Records from a data collection
==========

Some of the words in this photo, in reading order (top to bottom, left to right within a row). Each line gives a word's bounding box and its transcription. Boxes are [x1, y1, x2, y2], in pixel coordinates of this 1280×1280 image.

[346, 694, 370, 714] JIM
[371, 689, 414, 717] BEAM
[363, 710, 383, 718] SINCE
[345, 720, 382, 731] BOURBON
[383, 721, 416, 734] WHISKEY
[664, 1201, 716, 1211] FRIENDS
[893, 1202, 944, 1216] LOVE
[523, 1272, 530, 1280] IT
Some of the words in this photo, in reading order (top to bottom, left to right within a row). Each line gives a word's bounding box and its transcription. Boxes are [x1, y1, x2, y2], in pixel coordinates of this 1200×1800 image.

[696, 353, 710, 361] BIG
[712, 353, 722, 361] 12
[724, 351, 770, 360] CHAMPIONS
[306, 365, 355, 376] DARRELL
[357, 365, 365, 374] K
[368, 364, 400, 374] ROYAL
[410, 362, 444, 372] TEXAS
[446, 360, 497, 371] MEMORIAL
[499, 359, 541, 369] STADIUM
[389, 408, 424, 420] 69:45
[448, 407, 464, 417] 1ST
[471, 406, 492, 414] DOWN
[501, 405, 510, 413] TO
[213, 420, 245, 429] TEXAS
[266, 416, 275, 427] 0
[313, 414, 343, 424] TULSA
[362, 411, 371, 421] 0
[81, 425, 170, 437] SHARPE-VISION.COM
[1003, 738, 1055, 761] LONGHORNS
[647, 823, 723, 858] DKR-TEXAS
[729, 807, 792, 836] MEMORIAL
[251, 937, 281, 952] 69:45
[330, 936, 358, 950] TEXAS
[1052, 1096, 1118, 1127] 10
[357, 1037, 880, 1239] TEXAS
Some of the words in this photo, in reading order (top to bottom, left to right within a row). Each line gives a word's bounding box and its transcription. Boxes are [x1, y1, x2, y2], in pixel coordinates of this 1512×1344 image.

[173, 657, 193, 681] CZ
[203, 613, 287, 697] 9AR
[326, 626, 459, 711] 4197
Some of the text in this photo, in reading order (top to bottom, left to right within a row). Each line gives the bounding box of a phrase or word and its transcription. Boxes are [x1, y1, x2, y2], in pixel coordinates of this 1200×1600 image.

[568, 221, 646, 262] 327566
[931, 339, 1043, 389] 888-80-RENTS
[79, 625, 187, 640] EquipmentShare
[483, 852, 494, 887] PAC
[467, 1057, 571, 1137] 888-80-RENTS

==========

Exactly reproduce every record.

Some of the words in this photo, in reading order (top to bottom, left to right within a row). Each line gives a word's bounding box and its transcription. Boxes are [x1, y1, x2, y2], in pixel coordinates of this 1280×1280 image.

[346, 694, 370, 714] JIM
[371, 689, 414, 717] BEAM
[363, 710, 383, 718] SINCE
[345, 720, 382, 731] BOURBON
[383, 721, 416, 734] WHISKEY
[664, 1201, 716, 1211] FRIENDS
[893, 1202, 944, 1216] LOVE
[523, 1272, 530, 1280] IT
Some of the words in this photo, in reading order (top to bottom, left to right within a row). Each line gives a word's bounding box and its transcription. Boxes are [x1, y1, x2, y2], in pixel coordinates of this 1200×1800 image.

[696, 353, 710, 361] BIG
[712, 353, 722, 361] 12
[724, 351, 770, 360] CHAMPIONS
[306, 365, 355, 376] DARRELL
[357, 365, 365, 374] K
[368, 364, 400, 374] ROYAL
[410, 362, 444, 372] TEXAS
[446, 360, 497, 371] MEMORIAL
[499, 359, 541, 369] STADIUM
[389, 408, 424, 420] 69:45
[448, 407, 464, 417] 1ST
[471, 406, 492, 414] DOWN
[501, 405, 510, 413] TO
[213, 420, 245, 429] TEXAS
[266, 416, 275, 427] 0
[313, 414, 343, 424] TULSA
[362, 411, 371, 421] 0
[81, 425, 170, 437] SHARPE-VISION.COM
[1003, 738, 1055, 761] LONGHORNS
[647, 823, 723, 858] DKR-TEXAS
[729, 807, 792, 836] MEMORIAL
[251, 937, 281, 952] 69:45
[330, 936, 358, 950] TEXAS
[1052, 1096, 1118, 1127] 10
[357, 1037, 880, 1239] TEXAS
Some of the words in this photo, in reading order (top to bottom, left to right within a row). Each line gives a word's bounding box and its transcription. Boxes are [x1, y1, x2, y2], in pixel coordinates of this 1512×1344 image.

[173, 657, 193, 681] CZ
[203, 613, 287, 697] 9AR
[326, 626, 459, 711] 4197
Some of the text in this photo, in reading order (top to bottom, left to right within a row). Each line gives the bounding box of a phrase or word and its transcription. Boxes are [x1, y1, x2, y2], in pixel coordinates of this 1200×1600 image.

[568, 221, 646, 262] 327566
[931, 339, 1043, 389] 888-80-RENTS
[79, 625, 187, 640] EquipmentShare
[483, 852, 494, 887] PAC
[467, 1057, 571, 1137] 888-80-RENTS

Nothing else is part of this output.